Over the course of 2020 thus far, the coronavirus has taken hundreds of thousands of lives, infected millions of people, and wreaked socio-economic, humanitarian and human rights havoc, the United Nations said in a new report released on Wednesday.

According to the September update of the UN Comprehensive Response to COVID-19, no country has been spared; no population left unscathed. 

Among other things, the update outlines the steps needed to save lives, protect societies and recover better while pointing the way to addressing future shocks, above all from climate change, and overcoming the universal inequities.

Three-point response

UN Secretary-General António Guterres has often said that the pandemic is a human crisis that has laid bare severe and systemic inequalities.  

“No country has been spared. No population group remains unscathed.
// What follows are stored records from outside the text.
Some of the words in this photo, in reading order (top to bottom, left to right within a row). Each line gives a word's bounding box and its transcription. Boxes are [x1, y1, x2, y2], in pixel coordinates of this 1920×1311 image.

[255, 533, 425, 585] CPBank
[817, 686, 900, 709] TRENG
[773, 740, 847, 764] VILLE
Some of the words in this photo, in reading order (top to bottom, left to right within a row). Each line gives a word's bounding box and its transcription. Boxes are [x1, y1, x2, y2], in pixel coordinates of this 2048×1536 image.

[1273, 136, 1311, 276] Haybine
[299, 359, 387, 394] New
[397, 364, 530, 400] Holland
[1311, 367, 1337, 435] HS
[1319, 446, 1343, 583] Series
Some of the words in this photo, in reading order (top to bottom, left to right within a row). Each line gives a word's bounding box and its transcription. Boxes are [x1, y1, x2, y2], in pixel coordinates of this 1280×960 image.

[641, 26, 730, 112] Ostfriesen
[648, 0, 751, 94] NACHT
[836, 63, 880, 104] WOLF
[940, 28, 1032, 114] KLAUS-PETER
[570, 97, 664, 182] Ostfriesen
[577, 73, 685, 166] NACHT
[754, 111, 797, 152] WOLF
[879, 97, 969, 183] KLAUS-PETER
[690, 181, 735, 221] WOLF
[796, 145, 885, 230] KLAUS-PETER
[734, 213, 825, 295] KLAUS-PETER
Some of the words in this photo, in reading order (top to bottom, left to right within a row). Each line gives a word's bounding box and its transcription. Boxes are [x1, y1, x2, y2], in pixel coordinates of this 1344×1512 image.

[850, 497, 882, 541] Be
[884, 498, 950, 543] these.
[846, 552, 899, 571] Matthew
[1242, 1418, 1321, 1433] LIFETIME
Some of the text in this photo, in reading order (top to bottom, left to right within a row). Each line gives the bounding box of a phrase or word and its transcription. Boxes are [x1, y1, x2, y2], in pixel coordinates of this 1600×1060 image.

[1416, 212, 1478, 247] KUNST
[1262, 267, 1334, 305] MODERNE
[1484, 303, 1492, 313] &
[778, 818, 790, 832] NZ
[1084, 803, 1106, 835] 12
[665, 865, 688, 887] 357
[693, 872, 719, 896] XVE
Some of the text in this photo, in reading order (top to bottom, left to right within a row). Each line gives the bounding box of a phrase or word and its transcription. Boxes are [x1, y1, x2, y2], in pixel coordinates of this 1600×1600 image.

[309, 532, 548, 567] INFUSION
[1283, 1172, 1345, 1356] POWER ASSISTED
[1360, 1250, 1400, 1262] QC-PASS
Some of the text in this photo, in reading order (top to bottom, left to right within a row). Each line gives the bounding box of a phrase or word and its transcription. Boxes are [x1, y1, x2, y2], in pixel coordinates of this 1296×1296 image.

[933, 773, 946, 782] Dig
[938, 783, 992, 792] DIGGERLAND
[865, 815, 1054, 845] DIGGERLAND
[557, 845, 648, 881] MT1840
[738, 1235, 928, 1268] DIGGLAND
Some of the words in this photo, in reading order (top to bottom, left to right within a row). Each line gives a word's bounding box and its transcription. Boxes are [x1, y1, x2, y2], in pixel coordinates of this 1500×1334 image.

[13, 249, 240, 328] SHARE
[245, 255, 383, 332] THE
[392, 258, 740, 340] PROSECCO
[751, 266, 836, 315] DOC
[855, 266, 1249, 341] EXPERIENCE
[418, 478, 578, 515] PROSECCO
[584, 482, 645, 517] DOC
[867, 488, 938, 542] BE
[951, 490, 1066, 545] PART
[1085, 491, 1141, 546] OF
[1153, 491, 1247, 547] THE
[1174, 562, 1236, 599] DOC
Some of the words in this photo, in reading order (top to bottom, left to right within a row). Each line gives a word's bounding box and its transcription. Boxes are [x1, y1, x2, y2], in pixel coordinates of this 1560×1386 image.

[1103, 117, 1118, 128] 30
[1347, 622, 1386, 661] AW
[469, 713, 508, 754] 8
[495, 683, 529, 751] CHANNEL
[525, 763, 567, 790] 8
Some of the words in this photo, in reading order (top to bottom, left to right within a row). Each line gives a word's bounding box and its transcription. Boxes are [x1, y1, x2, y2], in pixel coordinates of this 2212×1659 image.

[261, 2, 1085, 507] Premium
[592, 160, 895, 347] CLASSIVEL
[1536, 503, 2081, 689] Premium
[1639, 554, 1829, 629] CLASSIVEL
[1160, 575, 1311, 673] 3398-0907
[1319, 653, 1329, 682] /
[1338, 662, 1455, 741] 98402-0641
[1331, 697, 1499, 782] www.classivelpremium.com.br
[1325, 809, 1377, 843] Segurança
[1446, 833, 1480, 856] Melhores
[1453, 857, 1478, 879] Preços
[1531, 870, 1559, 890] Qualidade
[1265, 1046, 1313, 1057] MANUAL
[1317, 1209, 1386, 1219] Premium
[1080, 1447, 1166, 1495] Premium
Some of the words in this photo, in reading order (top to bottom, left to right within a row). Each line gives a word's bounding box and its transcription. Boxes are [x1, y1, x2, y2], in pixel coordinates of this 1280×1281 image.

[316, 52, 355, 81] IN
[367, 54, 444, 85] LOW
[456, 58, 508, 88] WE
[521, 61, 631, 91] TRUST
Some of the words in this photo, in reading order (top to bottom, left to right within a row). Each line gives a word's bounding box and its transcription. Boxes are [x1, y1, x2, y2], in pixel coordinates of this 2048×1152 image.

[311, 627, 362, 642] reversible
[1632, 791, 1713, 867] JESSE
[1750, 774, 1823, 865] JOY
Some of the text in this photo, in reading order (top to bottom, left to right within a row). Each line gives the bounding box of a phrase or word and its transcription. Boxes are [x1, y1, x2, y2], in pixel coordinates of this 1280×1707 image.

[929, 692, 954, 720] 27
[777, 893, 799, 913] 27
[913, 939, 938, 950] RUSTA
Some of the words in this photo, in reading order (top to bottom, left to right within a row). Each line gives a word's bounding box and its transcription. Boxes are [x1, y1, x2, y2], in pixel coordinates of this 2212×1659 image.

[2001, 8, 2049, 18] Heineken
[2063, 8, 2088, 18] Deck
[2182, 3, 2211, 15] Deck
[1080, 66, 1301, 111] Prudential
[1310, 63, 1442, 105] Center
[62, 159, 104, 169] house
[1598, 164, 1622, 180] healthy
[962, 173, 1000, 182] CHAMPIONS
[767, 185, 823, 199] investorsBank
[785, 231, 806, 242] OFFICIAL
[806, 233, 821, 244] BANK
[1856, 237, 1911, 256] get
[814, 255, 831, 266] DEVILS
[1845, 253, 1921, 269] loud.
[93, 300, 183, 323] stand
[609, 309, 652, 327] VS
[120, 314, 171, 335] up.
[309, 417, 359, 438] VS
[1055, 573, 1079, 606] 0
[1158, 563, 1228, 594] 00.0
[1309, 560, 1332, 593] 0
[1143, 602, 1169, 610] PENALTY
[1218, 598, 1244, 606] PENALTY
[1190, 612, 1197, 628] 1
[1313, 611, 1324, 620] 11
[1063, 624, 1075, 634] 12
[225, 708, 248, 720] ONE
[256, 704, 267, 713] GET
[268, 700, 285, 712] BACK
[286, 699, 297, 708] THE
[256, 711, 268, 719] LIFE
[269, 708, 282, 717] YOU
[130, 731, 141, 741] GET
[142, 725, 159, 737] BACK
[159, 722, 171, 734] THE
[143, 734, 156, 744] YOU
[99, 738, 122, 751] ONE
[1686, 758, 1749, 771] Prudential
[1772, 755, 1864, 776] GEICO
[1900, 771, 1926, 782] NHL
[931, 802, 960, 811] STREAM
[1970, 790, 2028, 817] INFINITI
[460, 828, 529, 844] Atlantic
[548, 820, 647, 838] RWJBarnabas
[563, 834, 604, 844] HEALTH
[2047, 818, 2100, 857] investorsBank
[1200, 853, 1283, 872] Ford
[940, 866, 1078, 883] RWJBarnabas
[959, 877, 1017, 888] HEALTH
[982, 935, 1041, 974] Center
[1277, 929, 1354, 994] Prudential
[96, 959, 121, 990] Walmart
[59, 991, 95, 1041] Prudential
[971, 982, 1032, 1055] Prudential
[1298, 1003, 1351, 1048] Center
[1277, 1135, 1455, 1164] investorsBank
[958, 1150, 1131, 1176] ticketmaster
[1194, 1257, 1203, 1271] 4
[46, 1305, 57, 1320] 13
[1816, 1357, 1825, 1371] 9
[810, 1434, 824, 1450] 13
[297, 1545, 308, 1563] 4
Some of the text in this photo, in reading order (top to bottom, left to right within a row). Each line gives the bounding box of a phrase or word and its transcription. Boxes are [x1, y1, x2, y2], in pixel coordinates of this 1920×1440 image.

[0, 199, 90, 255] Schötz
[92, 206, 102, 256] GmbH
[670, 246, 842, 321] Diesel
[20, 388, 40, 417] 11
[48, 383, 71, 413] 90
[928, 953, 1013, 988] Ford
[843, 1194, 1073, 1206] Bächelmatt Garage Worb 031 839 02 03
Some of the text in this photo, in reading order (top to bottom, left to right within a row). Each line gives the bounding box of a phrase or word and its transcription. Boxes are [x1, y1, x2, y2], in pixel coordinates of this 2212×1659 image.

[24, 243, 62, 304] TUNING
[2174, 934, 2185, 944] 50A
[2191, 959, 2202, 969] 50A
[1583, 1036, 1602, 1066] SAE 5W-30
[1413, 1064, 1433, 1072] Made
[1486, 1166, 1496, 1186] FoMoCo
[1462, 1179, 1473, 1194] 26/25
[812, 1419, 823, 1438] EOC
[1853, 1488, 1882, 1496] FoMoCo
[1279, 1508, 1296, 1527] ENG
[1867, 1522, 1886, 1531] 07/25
Nobody is immune to its impacts”, the report spelled out.

To address this, the UN is pursuing a three-point comprehensive response focused on health, safeguarding lives and livelihoods, and addressing underlying vulnerabilities to rebuild a more resilient, inclusive and sustainable world.

Health first

The update revealed that the UN system led the global health response early on, providing life-saving humanitarian assistance to the most vulnerable, establishing rapid responses to the socio-economic impact and laying out a broad policy agenda.

Solid science, reliable data, and analysis are critical for policy- and decision-making, especially for the tough choices required during a pandemic, according to the report. 

To help create a knowledge base and provide support to national policymakers, the UN has also issued a series of policy brief that examines the pandemic’s diverse impacts and offers relevant information and advice. 

Containing the virus

The most urgent course of action in dealing with COVID -19 has been to suppress transmission of the virus, through detecting, testing, isolating and caring for those affected. 

This requires physical distancing, fact- and science-based public information, expanded testing, increased health-care facility capacities, supporting health-care workers, and ensuring adequate supplies. 

Some countries can or have already achieved these conditions with their own resources but developing countries continue to need considerable support, the report noted.

Universal access

The update shone a spotlight on the need for the biggest public health effort in human history.

That means a vaccine, diagnostics and treatment for everyone, everywhere. 

At the Global Vaccine Summit in June, the UN chief spelled out, “A COVID-19 vaccine must be seen as a global public good”.

Battling twin crises

As climate change is not on hold, recovery from COVID-19 must go hand-in hand with climate action.

And addressing both simultaneously requires a response stronger than any seen before, upheld the report.

It saw recovery as an opportunity to address the fragilities laid bare by the virus, including the climate crisis.

Moreover, it outlined the steps needed to move forward, such as decarbonizing transport, buildings and energy sectors; transitioning away from fossil fuels; and creating jobs to build resilient and sustainable infrastructures. 

Sustaining the response

As the world is still in the acute phase of the pandemic, the UN update maintained the importance of sustained political leadership, unprecedented levels of funding, and extraordinary solidarity between and within countries to recover. 

The Organization will continue to consult with Member States and all partners on how best to support these efforts over the long term.